«Le titre de rookie de l’année est un objectif, bien évidemment». Victor Wembanyama n’est pas du genre à se cacher ou à faire le timide au moment d’évoquer ses ambitions. Il a bien raison. Et cet objectif a été atteint. Auteur d’une saison exceptionnelle, saison achevée avec 21,4 points, 10,6 rebonds, 3,9 passes, 3,6 contres (1er de la NBA) et 1,2 interception (71 matches), l’une des meilleurs dans l’histoire de la NBA pour un joueur de première année, le prodige français de San Antonio a hérité lundi du titre de rookie de l’année. Une première pour un Spur depuis Tim Duncan, en 1998. Première tout court pour un Français. Jusqu’ici, seuls Boris Diaw (MIP en 2006), Tony Parker (MVP des Finales 2007), Joakim Noah (défenseur de l’année en 2014) et Rudy Gobert (défenseur de l’année en 2018, 2019 et 2021) avaient décroché une récompense individuelle, sans parler du All Star Game ou des cinq All-NBA.

Troisième Européen à hériter de cette récompense après l’Espagnol Pau Gasol (2002) et le Slovène Luka Doncic (2019), et successeur de Paolo Banchero (Orlando) au palmarès, «Wemby» s’invite dans ce club fermé des Français lauréats d’un trophée individuel en NBA, lui qui a un temps été en balance avec Chet Holgren (OKC). Un temps seulement. Après la victoire de San Antonio à Oklahoma City (118-132), avec 28 points, 13 rebonds et cinq contres du «Frenchy», fin février, il n’y avait déjà plus de suspense.

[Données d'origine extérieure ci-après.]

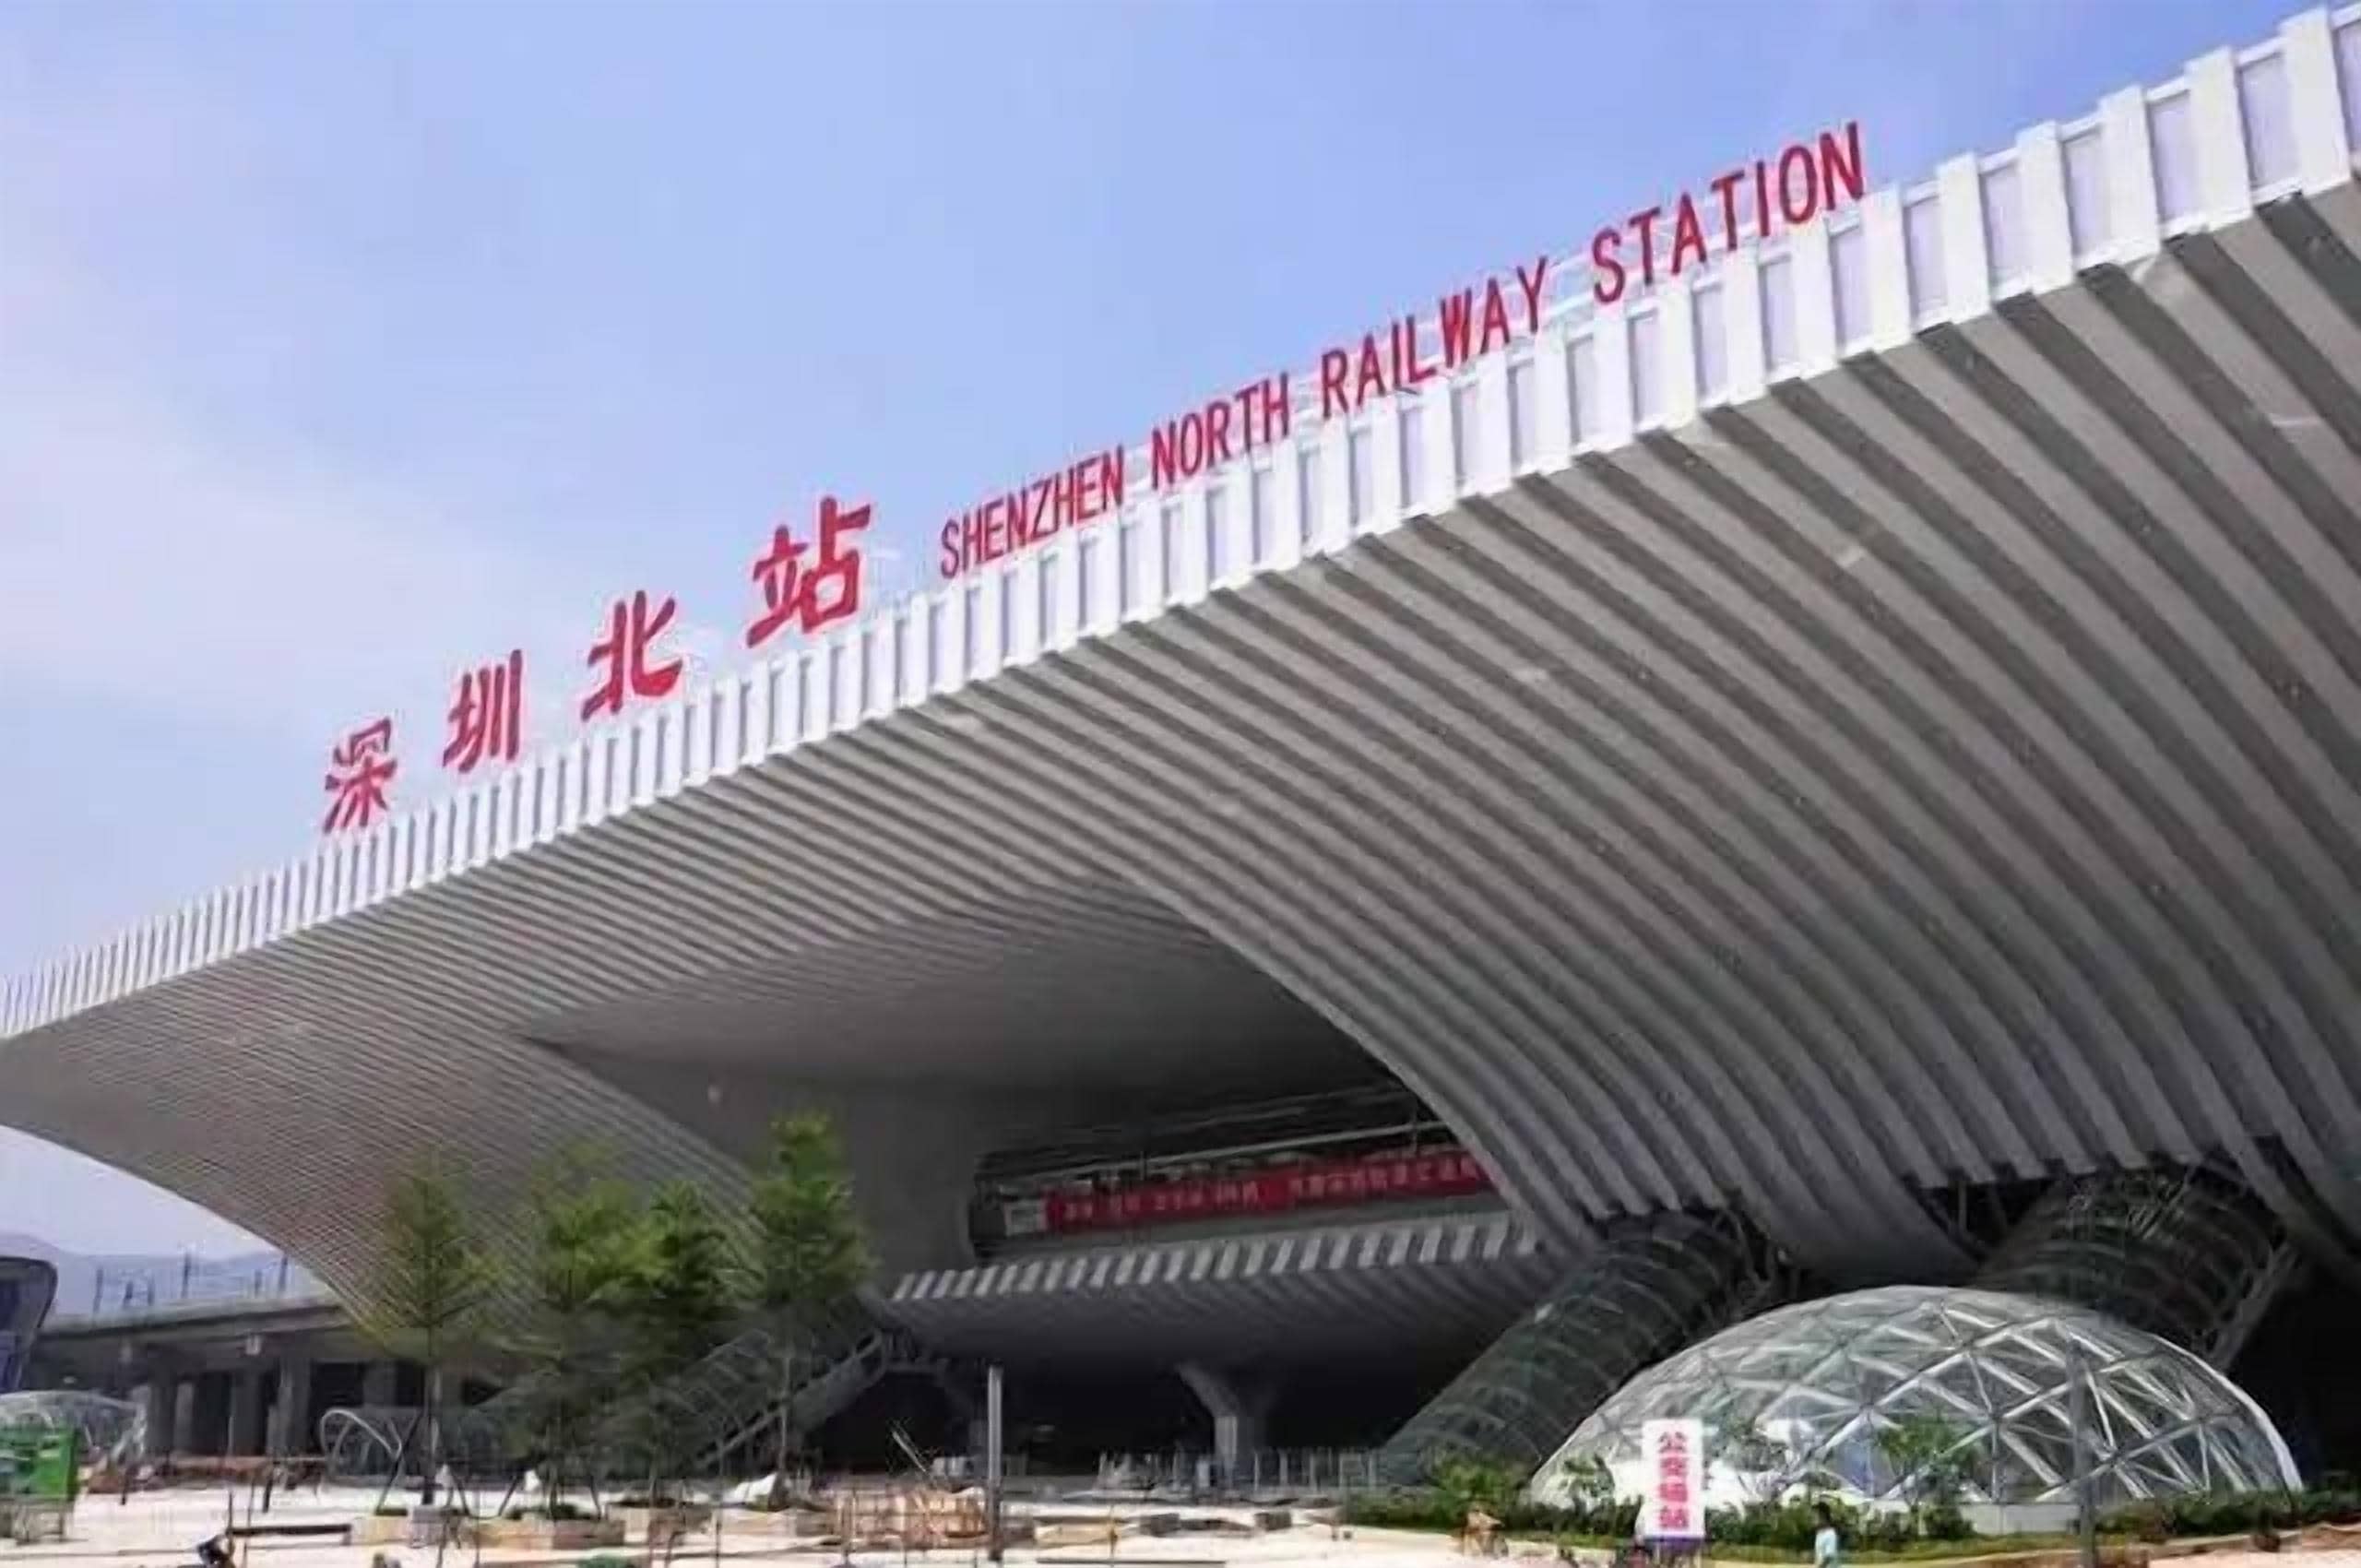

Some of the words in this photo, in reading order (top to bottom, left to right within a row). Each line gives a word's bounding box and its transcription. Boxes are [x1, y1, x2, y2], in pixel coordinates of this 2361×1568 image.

Et ce malgré le bilan des Spurs (22v-60d), avant-derniers à l’Ouest. «Une saison réussie, ce serait une saison où se rapprocherait même que de 1% du but final, qui est de remporter un titre», disait l’ancien joueur de Nanterre, l’Asvel et de Boulogne-Levallois au début de la campagne. Il va encore se passer un certain nombre de saisons avant d’imaginer un retour du trophée Larry O’Brien à «Alamo City», c’est assez clair. Jouer le titre, ça prend du temps. Mais les Spurs ont progressé au fil de la saison, c’est indéniable. Et c’est déjà ça. Il y a de l’avenir à San Antonio, qui a tout pour réussir.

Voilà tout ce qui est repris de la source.